I needed to enumerate some applications and their settings from RES Powerfuse. My first thought was to just query the mssql-database. I found that it shouldn’t be that easy. Here’s what I discovered and how to retrieve the information trough Powershell. Should be easy to port to .Net if needed.

First a little warning: RES Support doesn’t recommend anyone to touch the database, however in my opinion, as long as you don’t change anything there is no harm. The code and tips in this article doesn’t change anything in the database, but i recommend using a read-only user when connecting to the database in case you change anything in the scripts.

Configuration is stored as XML with unicode in columns of image datatype in MSSQL. If you open the tables in SQL Server Management Studio, you will see the values as truncated HEX.

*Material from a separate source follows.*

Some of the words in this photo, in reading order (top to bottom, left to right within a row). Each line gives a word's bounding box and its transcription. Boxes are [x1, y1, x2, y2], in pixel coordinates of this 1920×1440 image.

In my case I was looking for applications and their configuration. This is stored in table tblObjects, and the configuration (and icons) are a column called imgConfig. Similar in table tblAudits you have imgOldConfig and imgNewConfig for each config-change.

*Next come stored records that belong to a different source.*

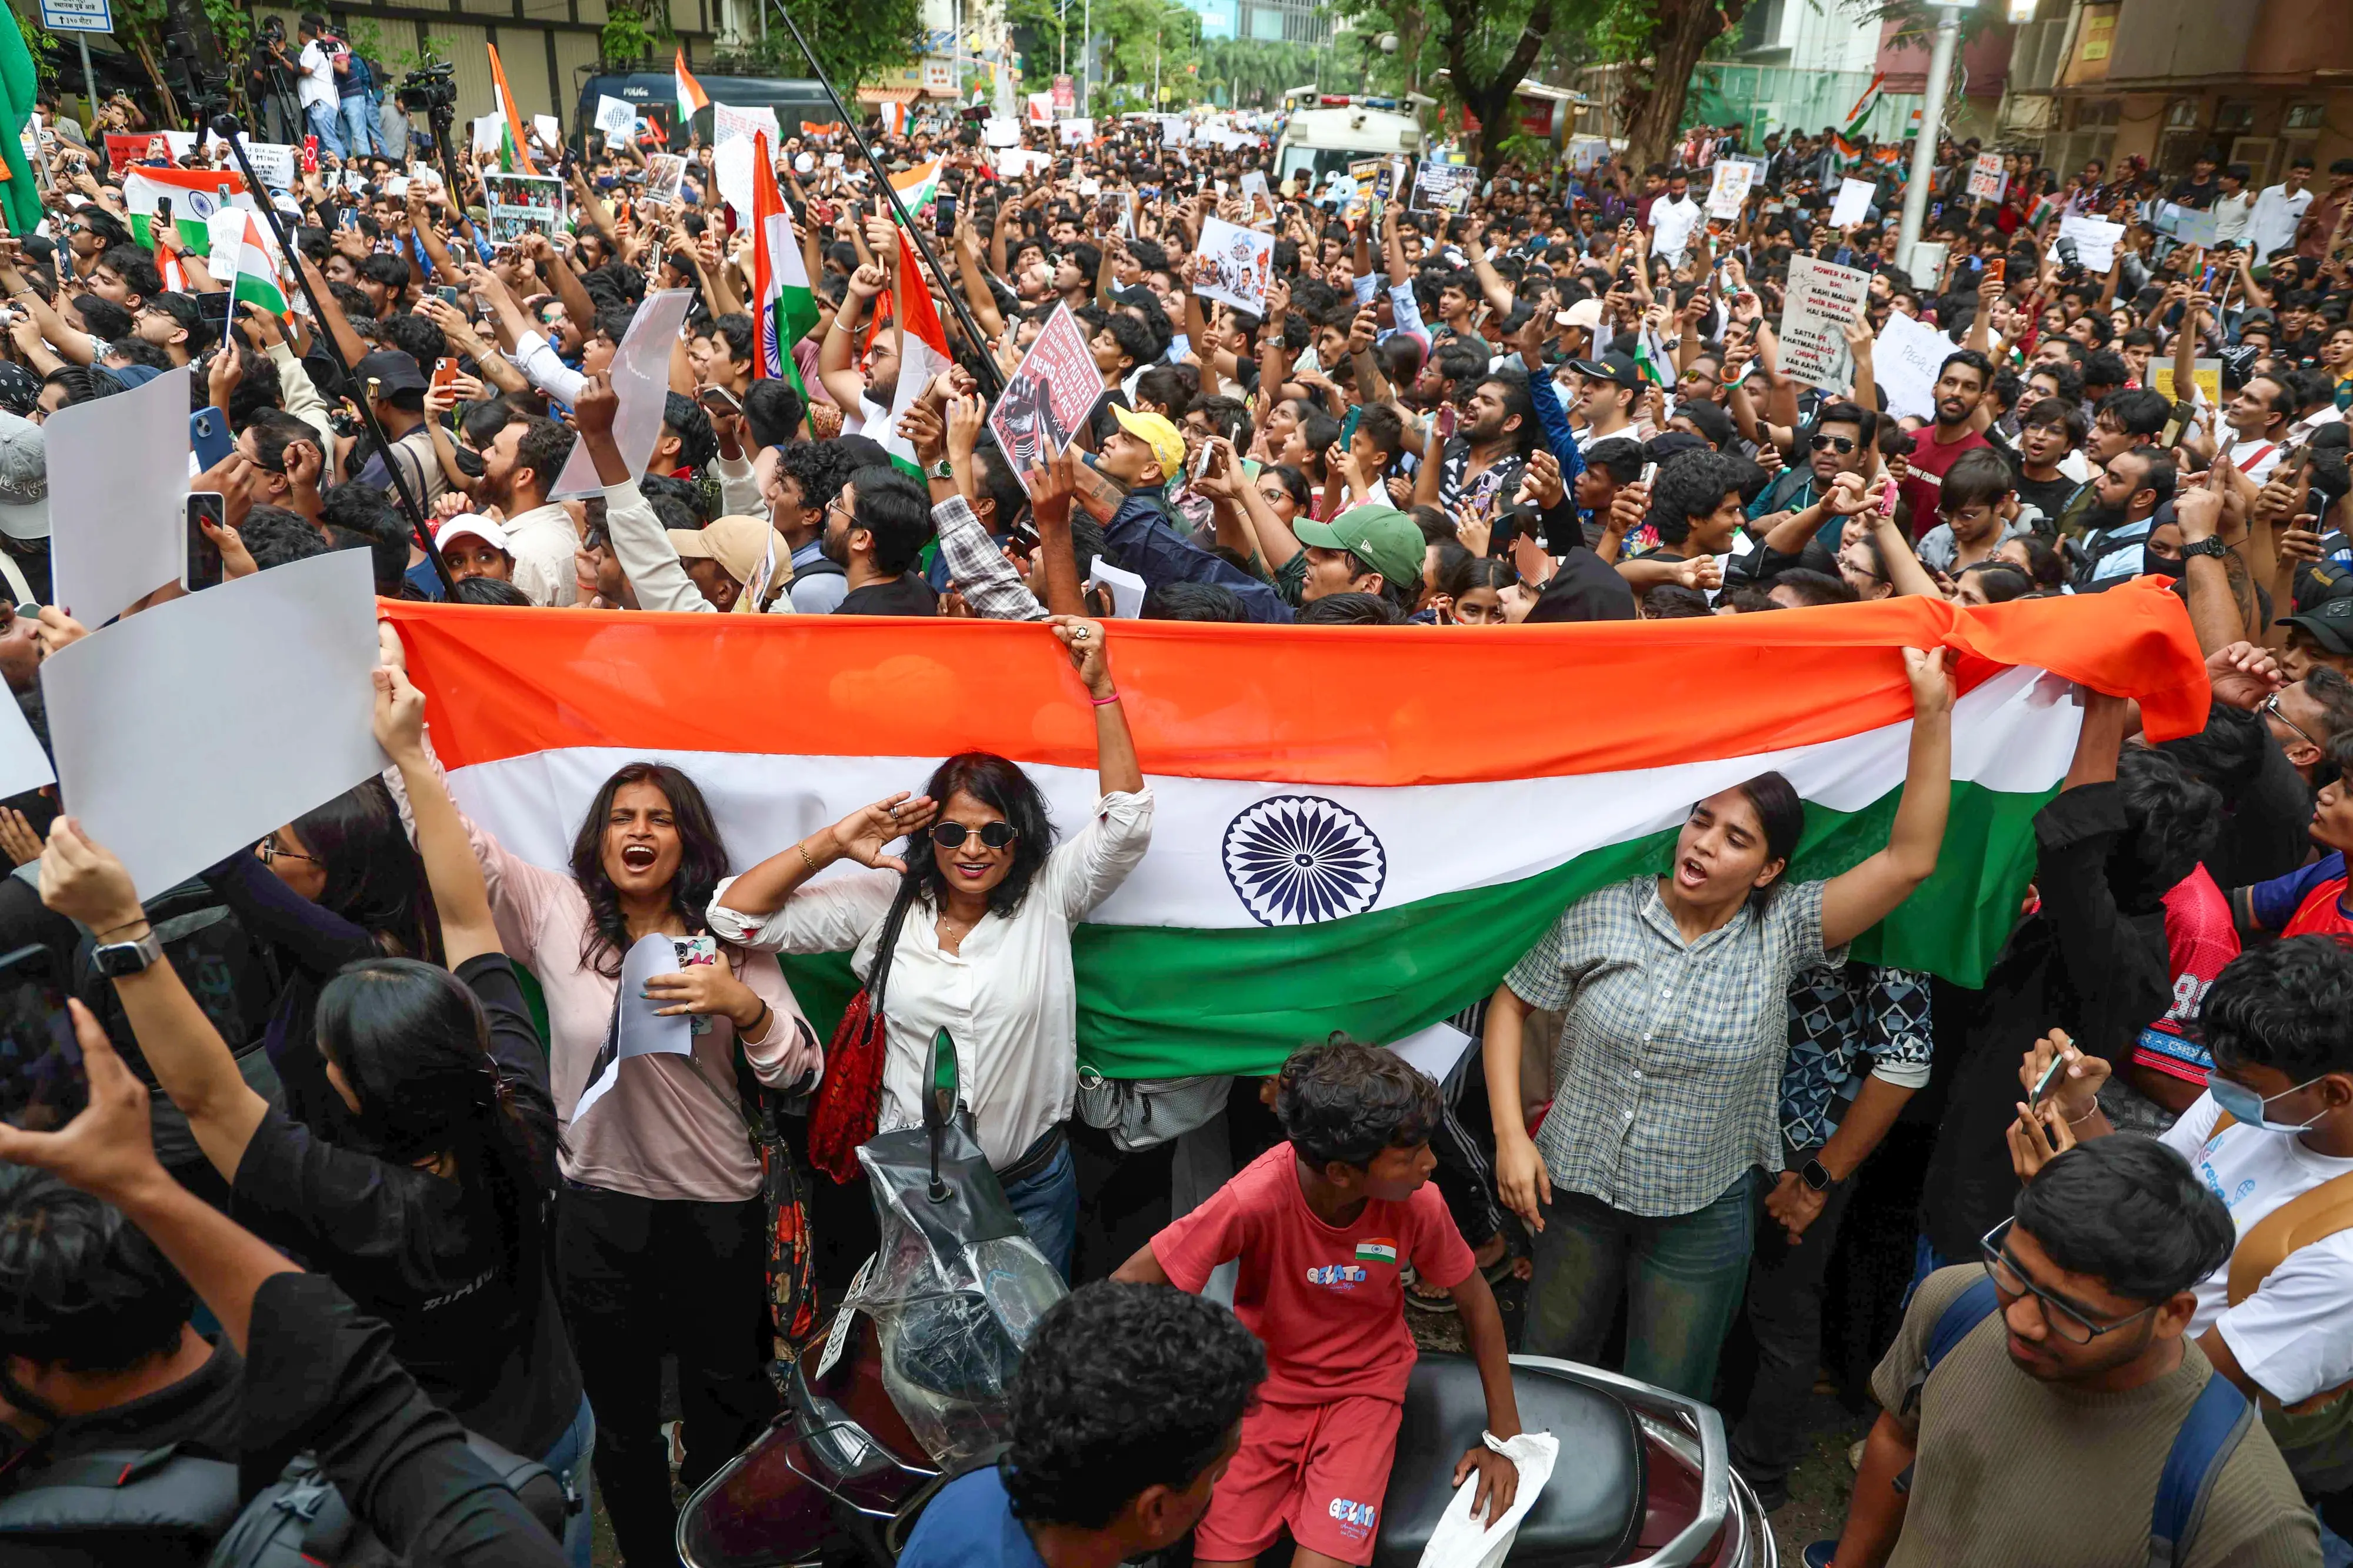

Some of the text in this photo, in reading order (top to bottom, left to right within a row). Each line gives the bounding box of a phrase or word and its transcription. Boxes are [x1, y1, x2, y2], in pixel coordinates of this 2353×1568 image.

[79, 16, 92, 25] मीटर
[1813, 265, 1839, 277] POWER
[1841, 272, 1851, 281] KA
[1829, 281, 1842, 289] BHI
[1808, 297, 1826, 306] PHIR
[1827, 301, 1840, 311] BHI
[1831, 292, 1857, 304] MALUM
[1807, 307, 1819, 316] HAI
[1794, 328, 1816, 339] SATTA
[1058, 313, 1097, 391] A GOVERNMENT THAT
[1046, 329, 1093, 406] TOLERATE PROTEST
[1785, 356, 1799, 366] KAB
[1902, 345, 1937, 377] PEOPLE
[1058, 361, 1084, 415] TOLERATE
[1307, 1265, 1366, 1285] GELATO
[1329, 1497, 1375, 1527] GELATO

1. Connect to the sqlserver and the database for powerfuse (again, use a read-only account for this).

2. Fetch rows from tblObjects (SELECT * FROM tblObjects).

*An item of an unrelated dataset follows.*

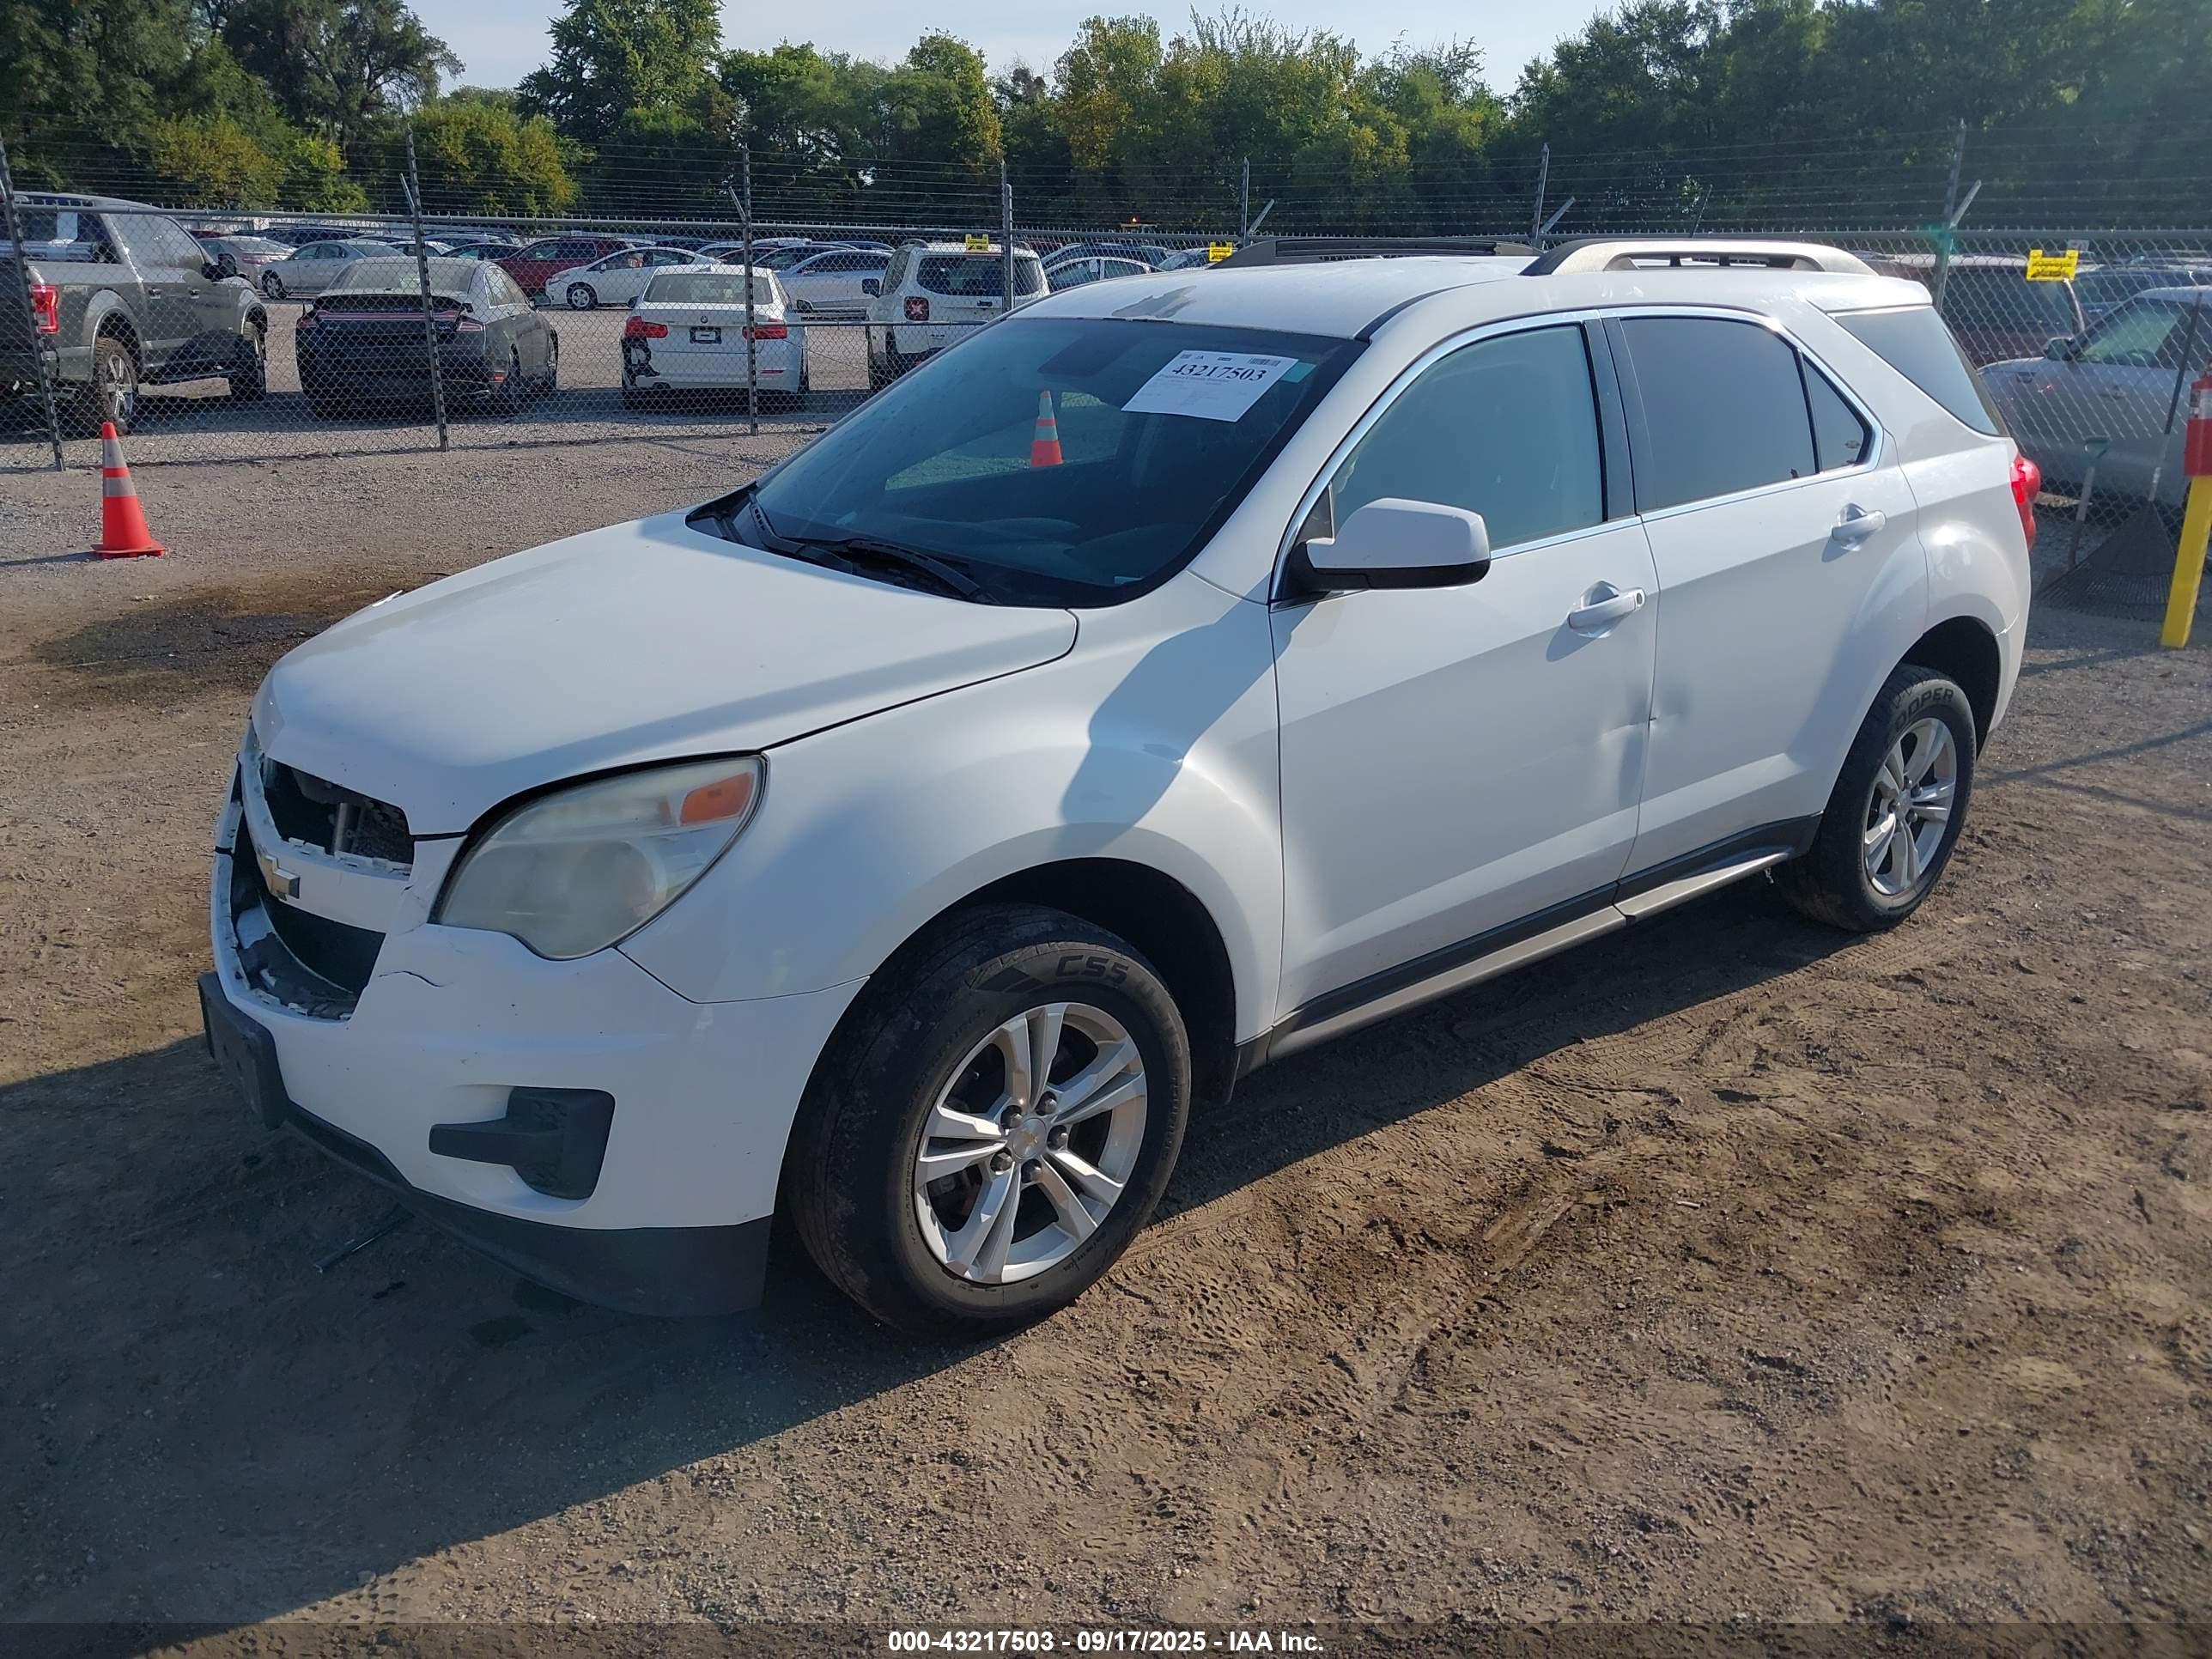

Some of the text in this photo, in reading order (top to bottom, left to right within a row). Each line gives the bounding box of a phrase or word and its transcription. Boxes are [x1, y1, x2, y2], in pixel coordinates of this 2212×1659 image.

3. Use the function PowerfuseImagedataToXml for parsing the imgConfig and get xml document in return.

Powerfuse.ps1:

# Converts PowerFuse image-config to xml
function PowerfuseImagedataToXml($str)
{
	[byte[]] $bytes = [System.Text.Encoding]::Convert([System.Text.Encoding]::Unicode,[System.Text.Encoding]::ASCII,$str);
	$enc = New-Object System.Text.ASCIIEncoding;
	# Write $enc.GetString($bytes); # uncomment to dump raw xml
	$xml = $enc.GetString($bytes);
	$xml;
}

$conn = .\sqlConnect.ps1 "myserver" "myuser" "mypass" "mypowerfusedatabase"
if ($conn.state -eq 1)
{
	$data = .\sqlCommand.ps1 $conn "SELECT TOP 10 strDescription, imgConfig FROM tblObjects";
	$rows = $data.Tables[0].Rows
	foreach ($row in $rows)
	{
		 $app = PowerfuseImagedataToXml $row.imgConfig;
		if ($app.application)
		{
			$app.application.configuration.title.ToString();
			$app.application.configuration.commandline.ToString();
			$app.application.configuration.parameters.ToString();
		}
	}
}
else
{
	Write "Connection failed"
}

sqlConnect.ps1 and sqlCommand.ps1 will not be covered in this article. Basically they connect and execute sql command.

I’m gonna look deeper into the database-details so maybe there will be updates to this post later. In the meantime feel free to use the script and/or info as you like.